There were many points in time that I realized that we were completely in sync about our opinions on software development. We used the same PrivateRoute wrapper component for our React apps. We decided antd was a very useful UI kit to start new projects with. We utilized similar data-fetching mechanisms and error-handling. But the most important lesson I learned from mentoring a junior developer was not technical.
In many ways, seeing the personal growth of a junior developer that I was partially responsible for helped me realize that there was a lot that I had learned in my career that I hadn’t actively realized.
I found myself to be a better developer and manager than I had thought I was. My imposter syndrome began to ease up.
I had always considered myself a solid developer, but never one that could offer the level of mentorship that I finally realized that I was capable of. The gratitude that Nikhil showed me would brighten the days of exhaustion working on an early startup and building a product from the ground up. Nikhil was doing the same thing, but his attitude and excitement to learn and grow was infectious. I became eager to learn more than I already knew. I became eager to be better, not just for myself but also for others. Teaching was always a passion of mine. Learning, a desire that usually ends after one graduates from school, became a regained passion.

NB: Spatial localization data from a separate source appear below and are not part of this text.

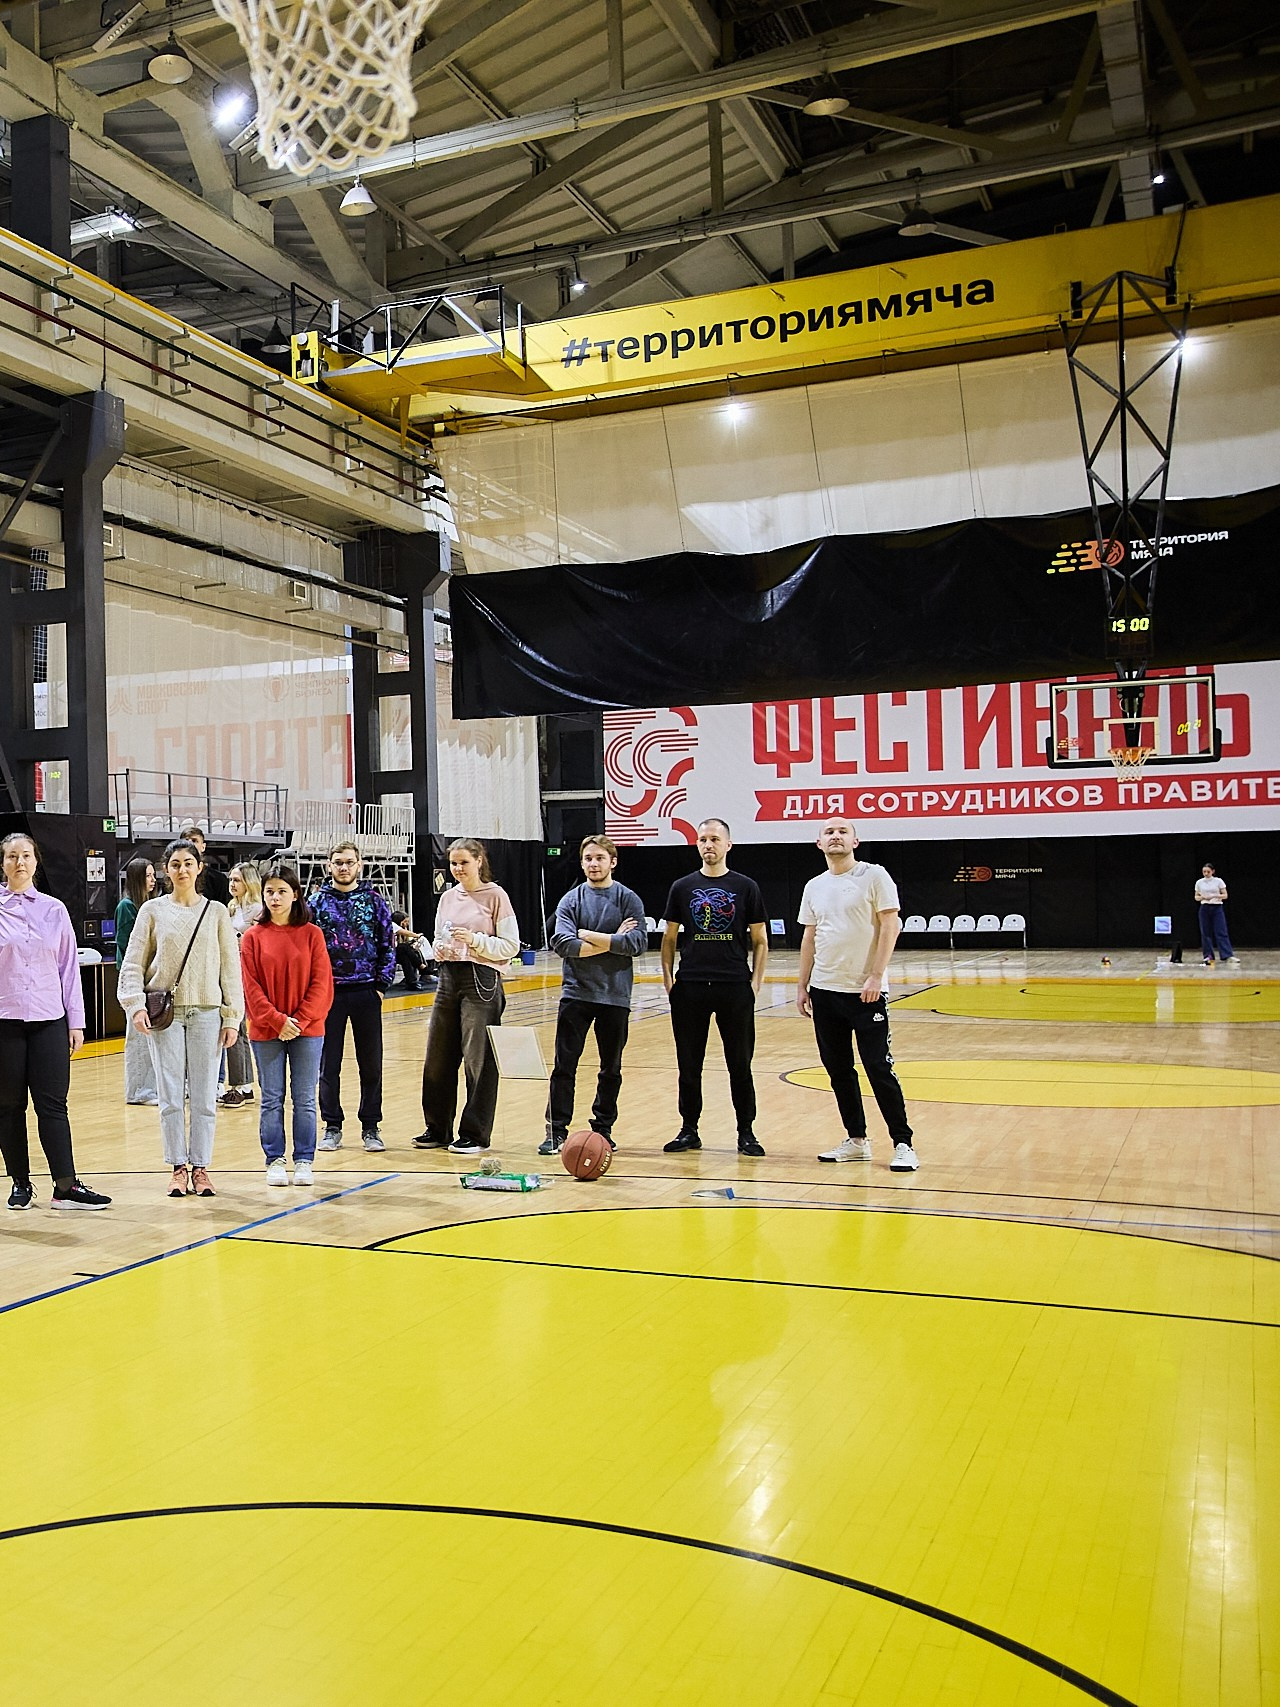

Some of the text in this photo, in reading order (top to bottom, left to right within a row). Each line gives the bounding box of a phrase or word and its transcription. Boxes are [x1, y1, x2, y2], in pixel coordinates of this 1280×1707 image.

[561, 278, 995, 368] #территориямяча
[783, 777, 1280, 818] ДЛЯ СОТРУДНИКОВ ПРАВИТЕ
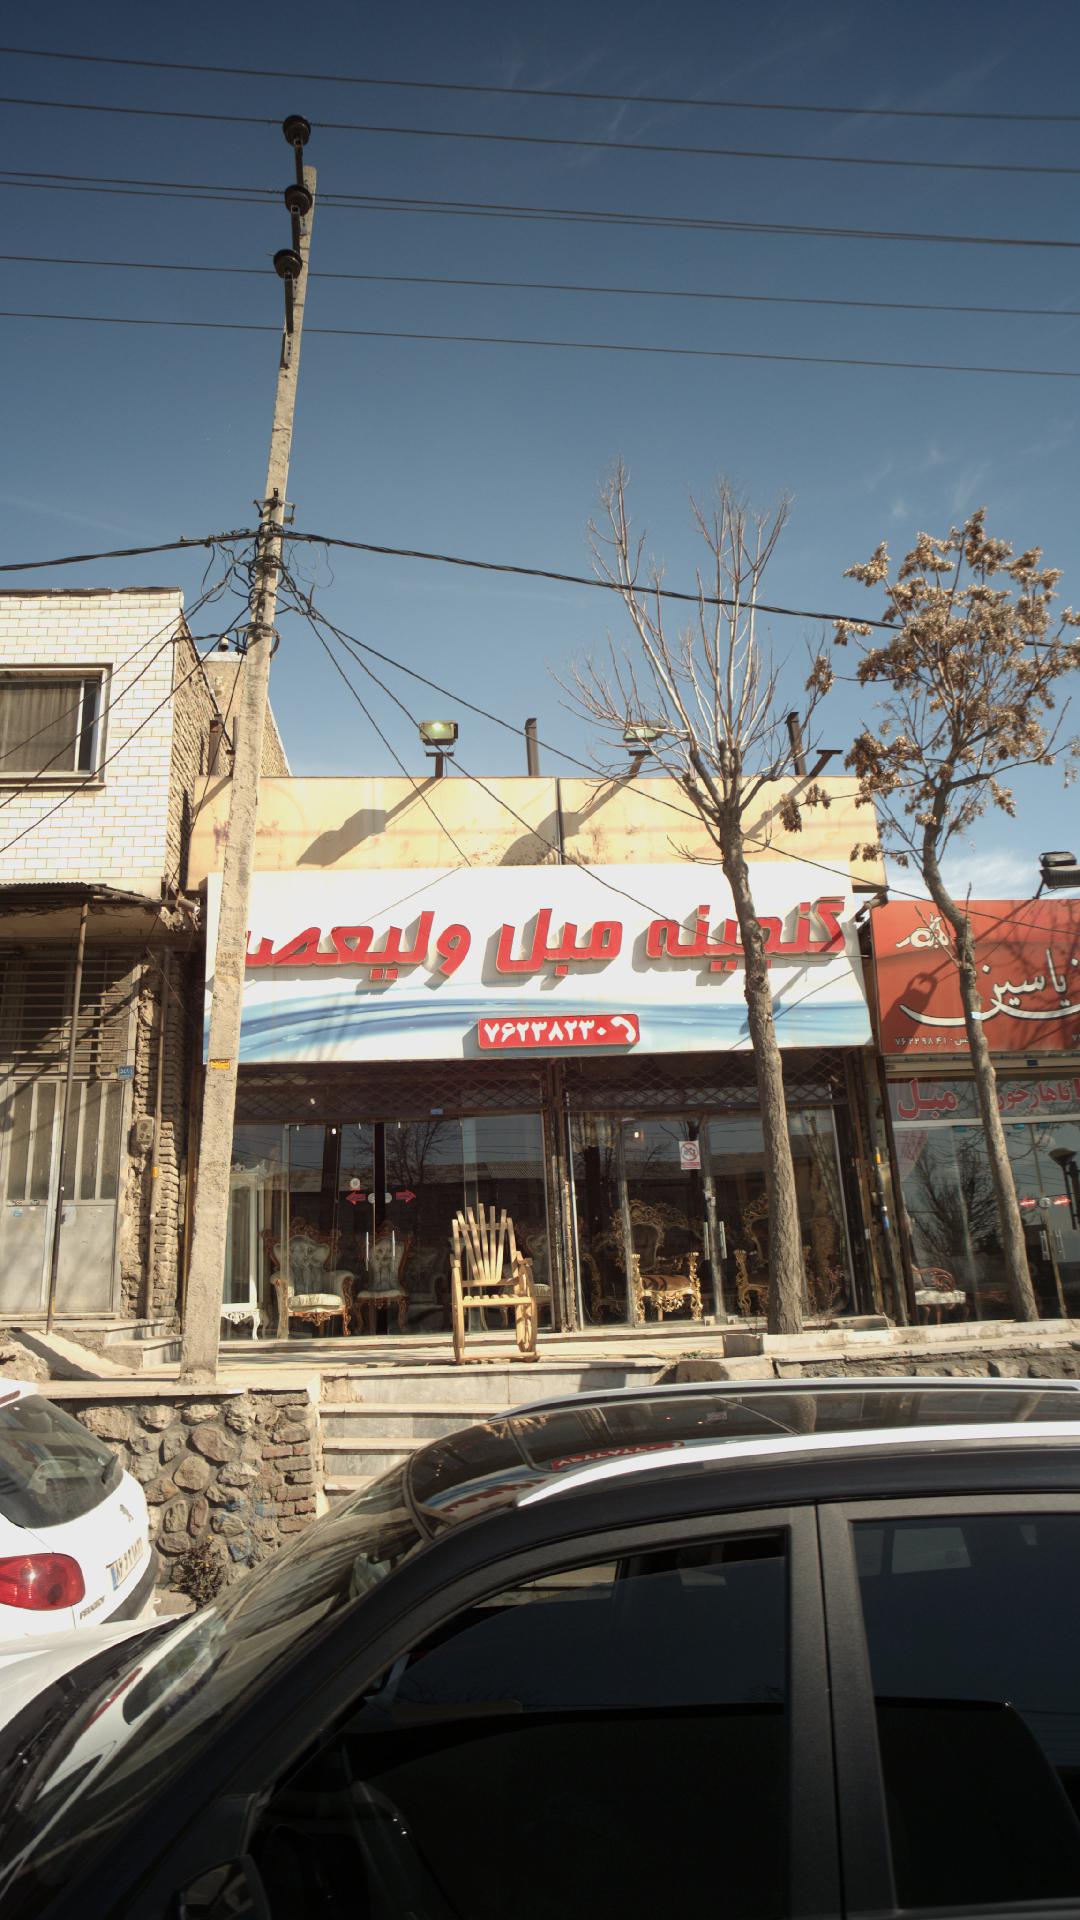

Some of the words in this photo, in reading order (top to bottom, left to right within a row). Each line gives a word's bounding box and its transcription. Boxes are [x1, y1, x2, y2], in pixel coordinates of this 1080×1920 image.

[245, 911, 471, 981] ولیعص
[495, 908, 623, 976] مبل
[484, 1019, 607, 1043] ۷۶۲۳۸۲۳۰
[897, 1077, 958, 1120] مبل

I was very grateful for that.
I also began to realize how fortunate I was to have been given opportunities left and right to learn and grow simply by my geographic location in the States. I realized that not everyone is as fortunate as I have been in my aspirations, in terms of optionality and support.
Desipite having worked hard for the opportunites in my career, I realized that my place in tech was still one of privilege in the scope of the entire world.
Privilege comes with responsibility. Mentoring and teaching the next generation of developers is important to me and I plan to continue. And in doing so, I feel as though I am fulfilling an important part of my responsibility.
The process has always been personally rewarding. Lifelong teaching is the easiest path to lifelong learning.
Mentoring junior developers is not simply a way of easing your conscience with respect to your privilege. Mentoring the next generation is a way to gain perspective on how you fit into a world that’s larger than yourself. It’s a way to learn about new ideas and reevaluate longstanding beliefs.
As established developers, our ideas on tech are often formed in an ongoing process by the articles we read, the coworkers we work with, and the documentation we painstakingly sift through. But whether you have 20 years of experience or only a few, when you interact with people who are going through the same process that you had to go through to get to where you are today, you are often reminded of a time when learning was exciting. And you can carry that excitement into your own professional and even your personal life.
The excitement of learning from your mentee will in turn reinvigorate your excitement for learning.
Mentoring a junior developer will make you a better developer. It will help you learn the perspectives of developers that you may manage one day. It will equip you with the patience, understanding, and empathy you’ll need as a founder. And on a many levels, your personal growth will go far beyond your professional life.